5th graders’ plot to stab and kill classmate in public bathroom revealed after 10 months
Four fifth-grade girls at a school in Surprise, Arizona, have been accused of plotting to lure a classmate into a bathroom and stab him to death, according to multiple media reports.
The…

Four fifth-grade girls at a school in Surprise, Arizona, have been accused of plotting to lure a classmate into a bathroom and stab him to death, according to multiple media reports.
The plot allegedly happened at Legacy Traditional School, a public charter, in October 2024, but it is only now being disclosed.
And because the school is withholding details – citing federal privacy laws – there are multiple accounts of what exactly happened.
Fox 10 Phoenix reports the goal of the girls accused in the plot was to “just end him” after a classmate allegedly broke up with one of the conspirators.
The victim was suspected of dating another girl.
The local Fox station said that all four girls were arrested on charges of threatening and misdemeanor disorderly conduct.
Local KPNX, which first broke the story, reports that each of the girls was given a specific assignment in the plot, according to police reports.
One was supposed to obtain a knife; one was to forge a suicide note; one was to act as lookout; and one was to stab the victim. According to police accounts of the scheme, the girls planned to wear gloves to avoid leaving fingerprints.
The plot unraveled when students heard the girls talking about luring the boy into an outside bathroom during lunch and recess and promptly notified administrators, KPNX reports.
The girls, all ages 10 or 11, were students at Legacy Traditional School in Surprise, Arizona, said People.
The next day the girls’ backpacks were searched, and they were questioned by police with their parents present. They all readily admitted to participating in the plot.
Three of the four expressed remorse, but the fourth and her father allegedly “smiled and laughed while making excuses for their actions,” according to the police report.
NBC News, however, had a slightly different version of how the murder plot failed.
In its account, a student who overheard the plot notified a parent, who then tipped off school officials, who called the plotters and their parents into school the next day to be questioned by police.
One of the four girls said she participated because she didn’t want her friends to think she was “weird” for refusing to assist in the scheme, reported NBC.
Another student said she was simply joking, and she backed off when she realized the plot was serious.
A third plotter said she also thought it was a joke until she was assigned the role of lookout.
Travis Webb, a licensed clinical therapist interviewed by local Fox News 10, said social media has desensitized kids to violence.
“Their brains are underdeveloped at 10, 11 years old,” Webb said. “The female brain isn’t even quite half developed, the part of the brain that regulates emotion. That kind of talks sense into this. It’s early 20s before the female brain is finished developing.”
Webb added that the landscape today is fraught with moral challenges for children that didn’t exist 30 years ago.

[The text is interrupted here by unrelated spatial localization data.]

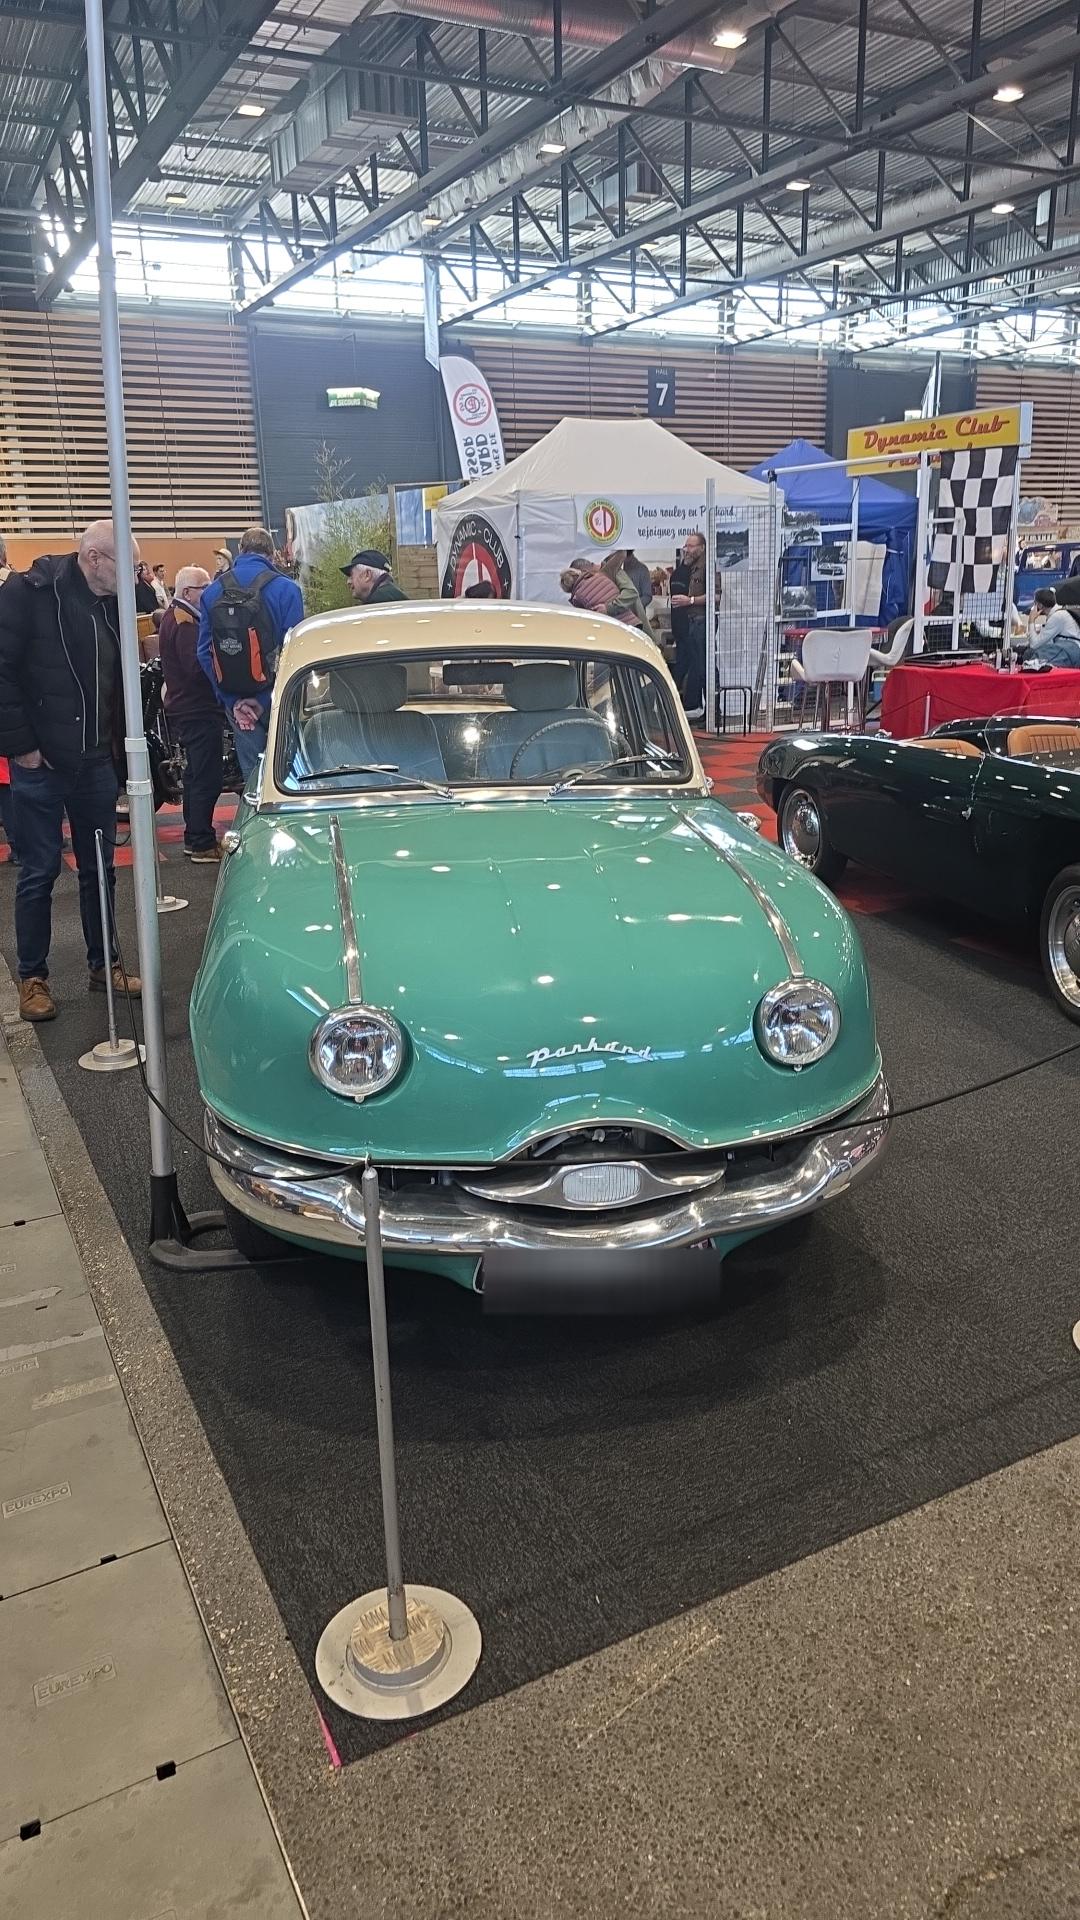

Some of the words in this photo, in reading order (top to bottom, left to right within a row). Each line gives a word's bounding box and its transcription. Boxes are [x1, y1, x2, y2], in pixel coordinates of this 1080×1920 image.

[655, 368, 668, 376] HALL
[655, 382, 668, 406] 7
[864, 422, 948, 452] Dynamic
[955, 415, 1010, 437] Club
[637, 505, 657, 518] Vous
[659, 505, 686, 520] roulez
[688, 508, 697, 517] en
[638, 525, 676, 539] rejoignez
[5, 1486, 69, 1513] EUREXPO
[38, 1663, 113, 1700] EUREXPO
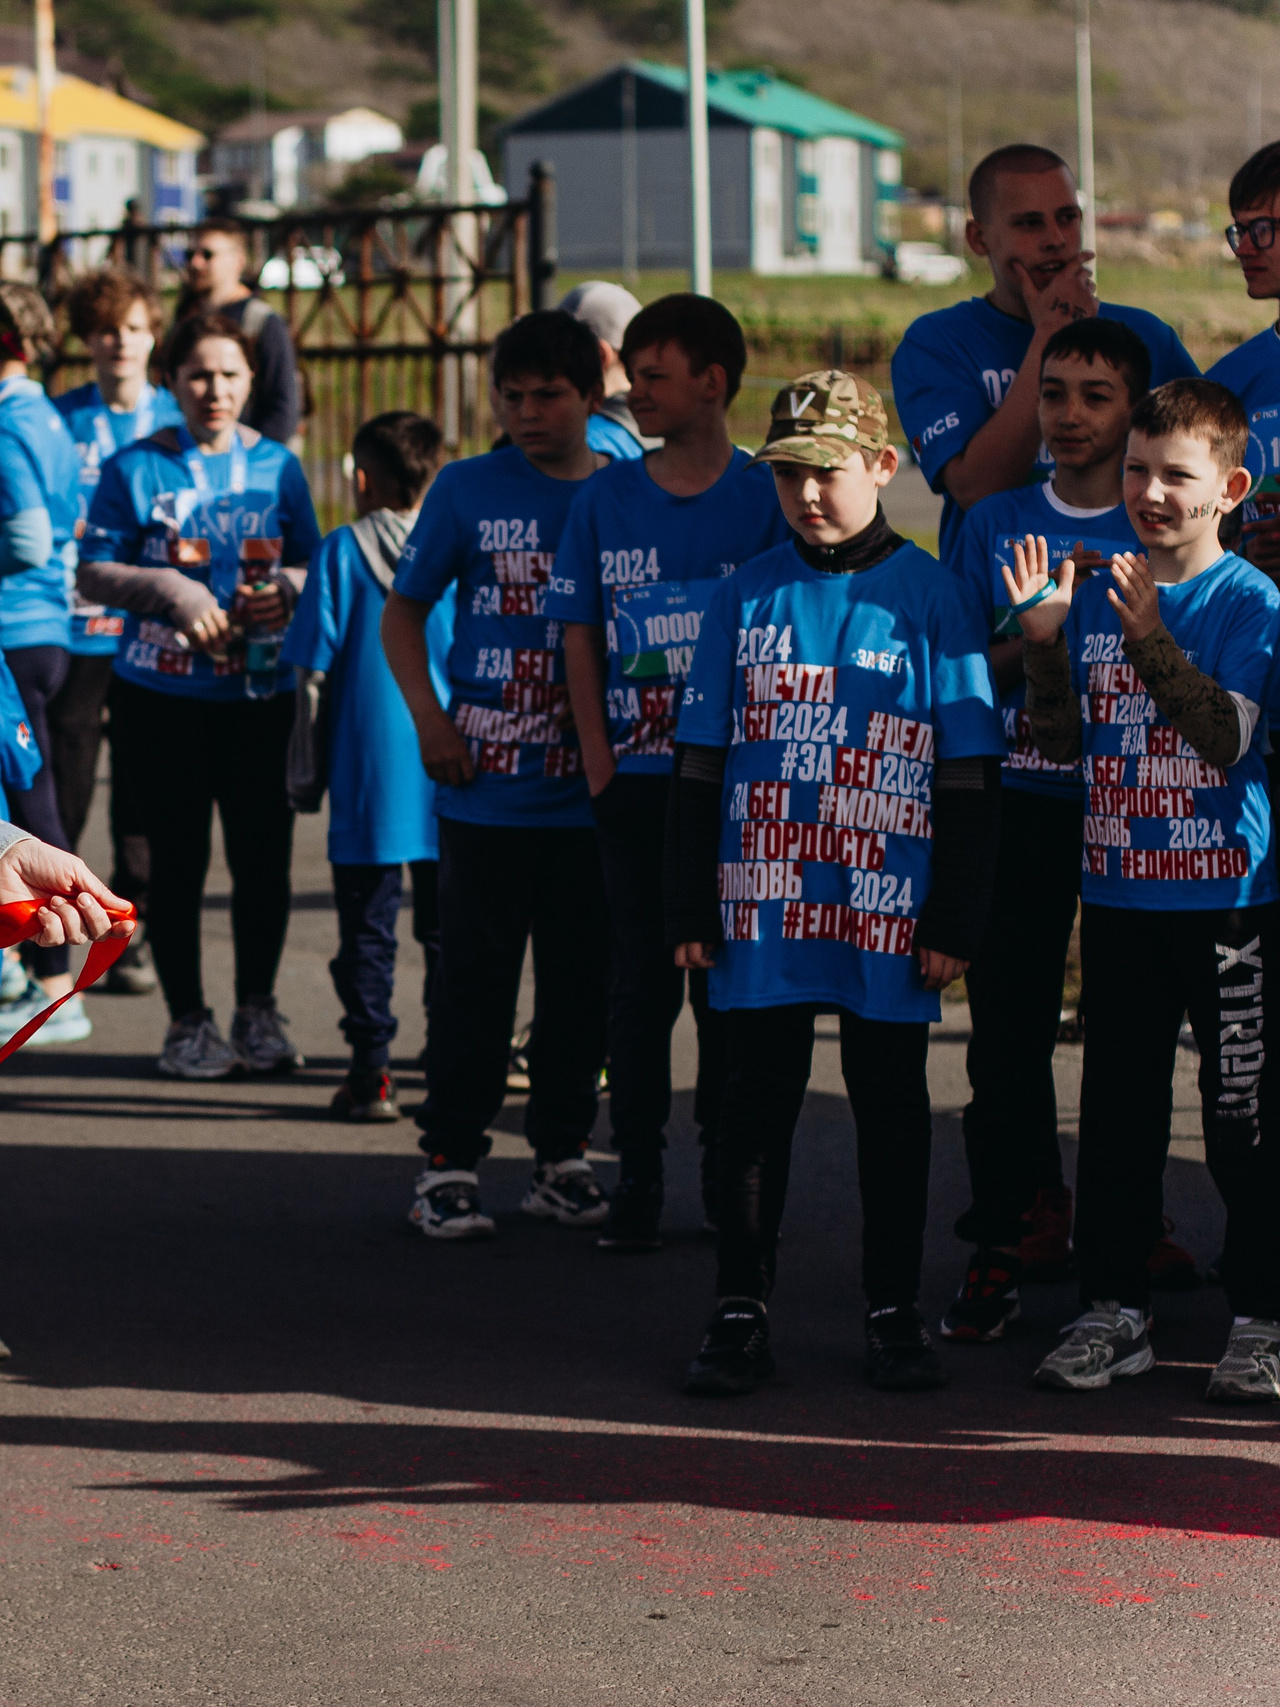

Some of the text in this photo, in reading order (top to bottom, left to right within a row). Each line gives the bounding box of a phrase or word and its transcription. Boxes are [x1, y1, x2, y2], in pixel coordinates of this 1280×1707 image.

[790, 391, 816, 418] V
[923, 411, 960, 445] ПСБ
[478, 518, 540, 551] 2024
[601, 547, 660, 585] 2024
[645, 610, 705, 647] 1000
[736, 624, 792, 666] 2024
[476, 648, 554, 682] #ЗАБЕГ
[856, 648, 904, 673] ЗА БЕГ
[744, 663, 838, 703] #МЕЧТА
[1089, 786, 1196, 818] #ГОРДОСТЬ
[741, 821, 887, 872] #ГОРДОСТЬ
[1169, 818, 1226, 850] 2024
[1121, 847, 1249, 880] #ЕДИНСТВО
[850, 869, 913, 915] 2024
[782, 901, 918, 956] #ЕДИНСТВ

“2025 is different than 1995. It’s different than 1975,” he said. “They don’t really come up with this on their own. They don’t think violently. They certainly don’t think about gloves and fingerprints and suicide notes [on their own].”
Webb warned parents about giving children unrestricted access to the internet, which exposes kids to mature concepts.

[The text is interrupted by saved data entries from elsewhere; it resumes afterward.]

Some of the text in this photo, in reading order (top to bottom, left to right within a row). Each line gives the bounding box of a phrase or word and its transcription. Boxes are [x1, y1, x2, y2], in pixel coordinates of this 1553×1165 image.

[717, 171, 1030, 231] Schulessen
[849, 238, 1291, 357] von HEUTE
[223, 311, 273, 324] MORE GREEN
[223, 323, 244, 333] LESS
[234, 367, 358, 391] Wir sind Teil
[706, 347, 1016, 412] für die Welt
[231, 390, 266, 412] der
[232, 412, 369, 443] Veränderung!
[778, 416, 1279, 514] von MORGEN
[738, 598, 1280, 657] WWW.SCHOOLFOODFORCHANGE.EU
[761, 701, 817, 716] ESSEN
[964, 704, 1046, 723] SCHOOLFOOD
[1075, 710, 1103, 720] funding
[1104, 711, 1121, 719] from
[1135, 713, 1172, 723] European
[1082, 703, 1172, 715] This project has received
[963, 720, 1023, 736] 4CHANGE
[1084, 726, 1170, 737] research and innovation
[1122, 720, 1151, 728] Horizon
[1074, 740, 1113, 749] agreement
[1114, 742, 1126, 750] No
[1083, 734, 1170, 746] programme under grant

All four of the alleged co-conspirators were released to the custody of their parents and were awaiting expulsion at the time of the investigation, media reports agreed.
When contacted recently by the legal site Law and Crime, the Surprise Police Department declined to provide further updates, noting it “has not shared and does not plan to share any further details about this incident.”
The parents of the perpetrators all declined multiple media requests for comment.
It’s unclear how KPNX obtained a crisp, clean copy of the police report, unlike the photocopies typically provided in journalists’ information requests.
“Due to federal student privacy laws, we cannot discuss individual student disciplinary matters,” said a statement released by the school according to NBC. “As outlined in the Legacy Student Code of Conduct, any student who makes or shares a threat may face disciplinary action, up to and including expulsion.”
According to the police report, the parents of the victim in the case wanted the girls to be prosecuted, said NBC.
The incident highlights a growing trend of public schools citing federal privacy laws to withhold information, especially about student violence.